*TASK INSTRUCTIONS*
Everything in the records below should be printed exactly, except the pictures.

*EXERCISE DATA*
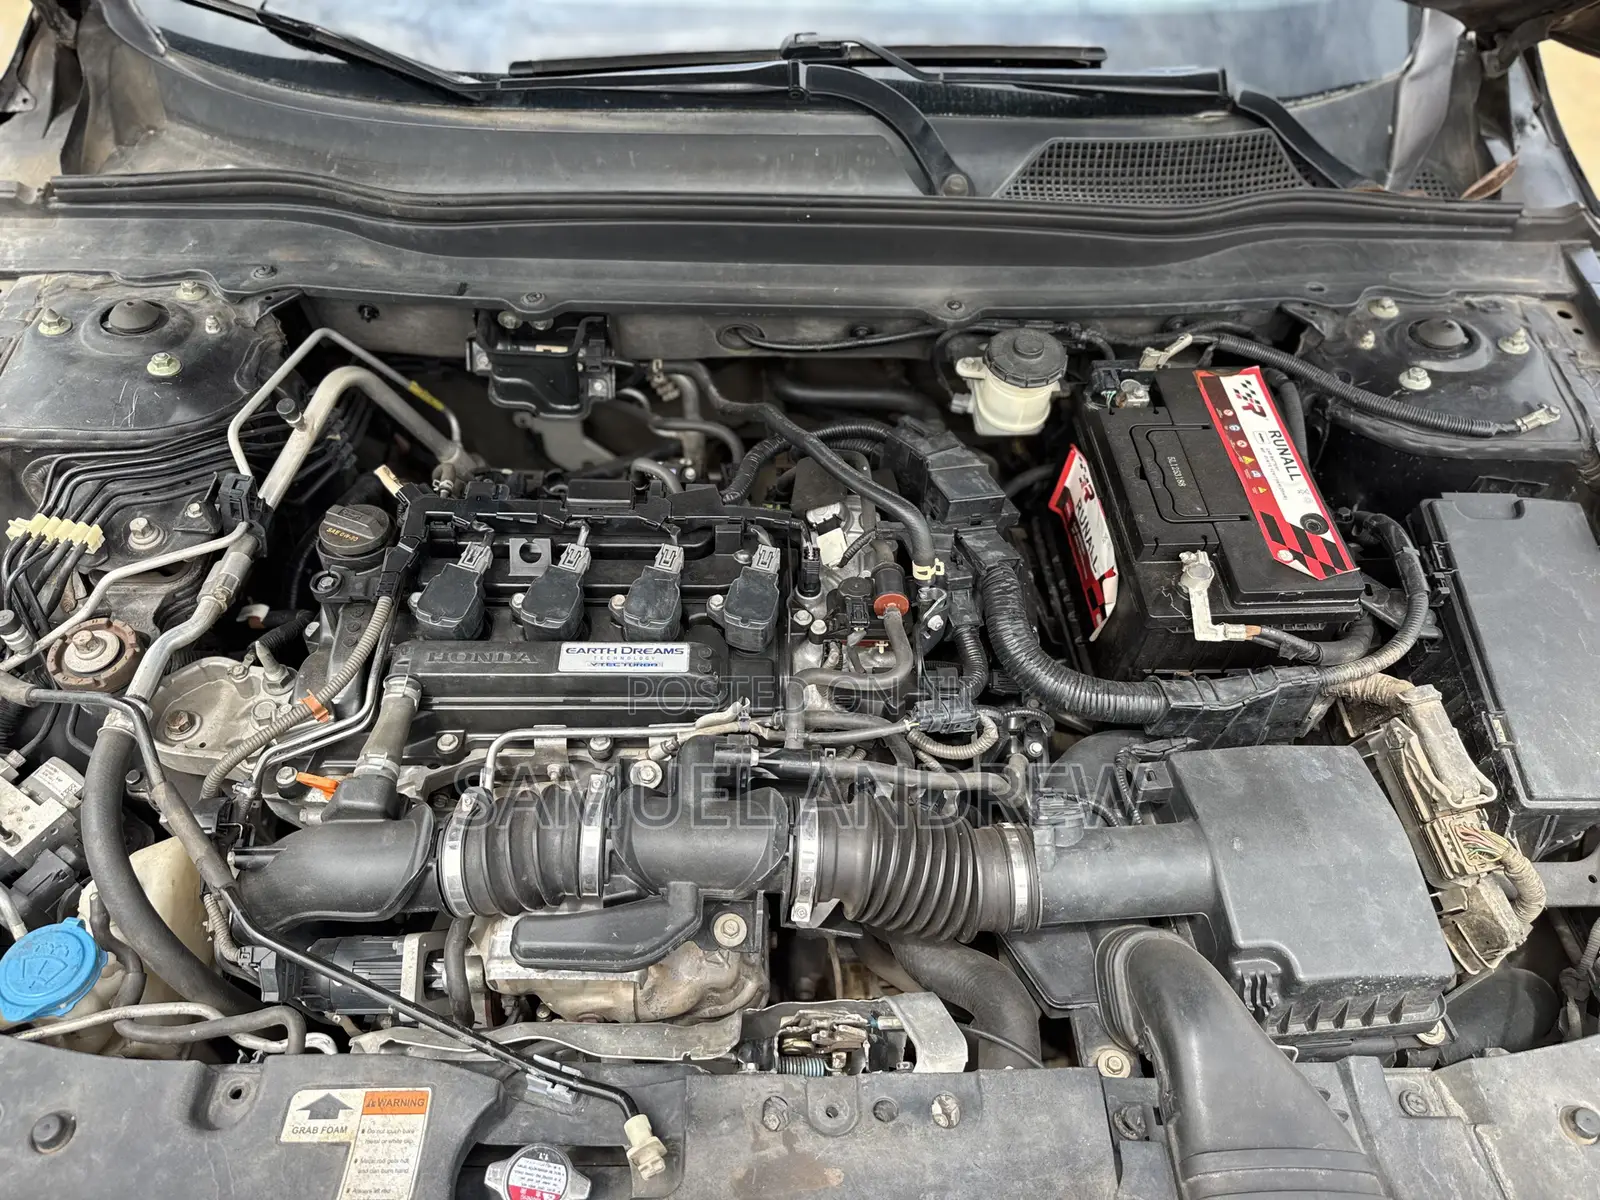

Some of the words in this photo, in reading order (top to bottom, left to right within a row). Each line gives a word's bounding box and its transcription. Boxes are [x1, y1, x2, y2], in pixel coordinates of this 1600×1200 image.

[1267, 429, 1302, 482] RUNALL
[326, 527, 341, 536] SAE
[1075, 497, 1099, 574] RUNALL
[565, 647, 617, 655] EARTH
[620, 646, 684, 655] DREAMS
[425, 650, 539, 664] HONDA
[377, 1098, 425, 1108] WARNING
[291, 1126, 319, 1135] GRAB
[320, 1125, 348, 1134] FOAM
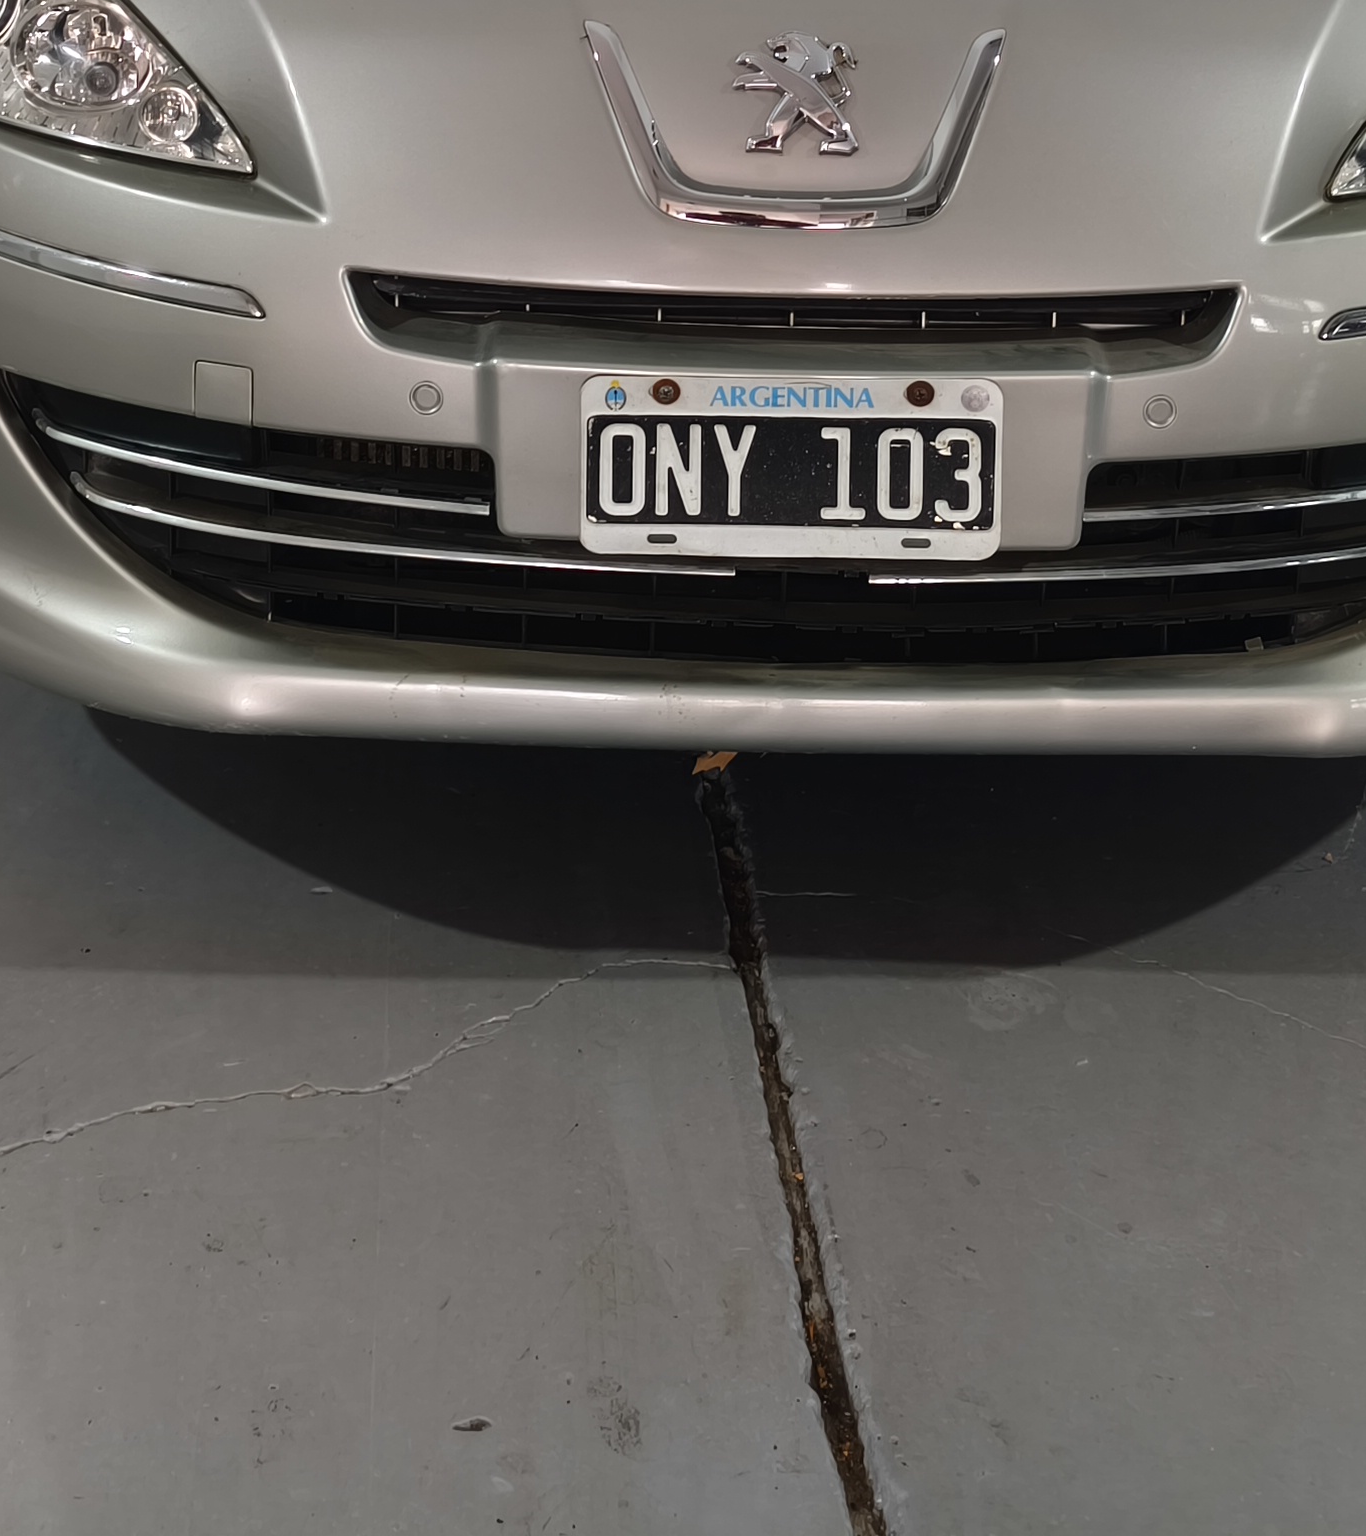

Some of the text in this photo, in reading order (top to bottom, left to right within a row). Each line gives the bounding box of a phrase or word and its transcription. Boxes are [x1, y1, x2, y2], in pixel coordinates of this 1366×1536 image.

[709, 385, 875, 409] ARGENTINA
[598, 422, 982, 523] ONY 103

*YOUR SOLUTION*
Some of the words in this photo, in reading order (top to bottom, left to right within a row). Each line gives a word's bounding box and its transcription. Boxes are [x1, y1, x2, y2], in pixel coordinates of this 1600×1200 image.

[1267, 429, 1302, 482] RUNALL
[326, 527, 341, 536] SAE
[1075, 497, 1099, 574] RUNALL
[565, 647, 617, 655] EARTH
[620, 646, 684, 655] DREAMS
[425, 650, 539, 664] HONDA
[377, 1098, 425, 1108] WARNING
[291, 1126, 319, 1135] GRAB
[320, 1125, 348, 1134] FOAM

Some of the text in this photo, in reading order (top to bottom, left to right within a row). Each line gives the bounding box of a phrase or word and its transcription. Boxes are [x1, y1, x2, y2], in pixel coordinates of this 1366×1536 image.

[709, 385, 875, 409] ARGENTINA
[598, 422, 982, 523] ONY 103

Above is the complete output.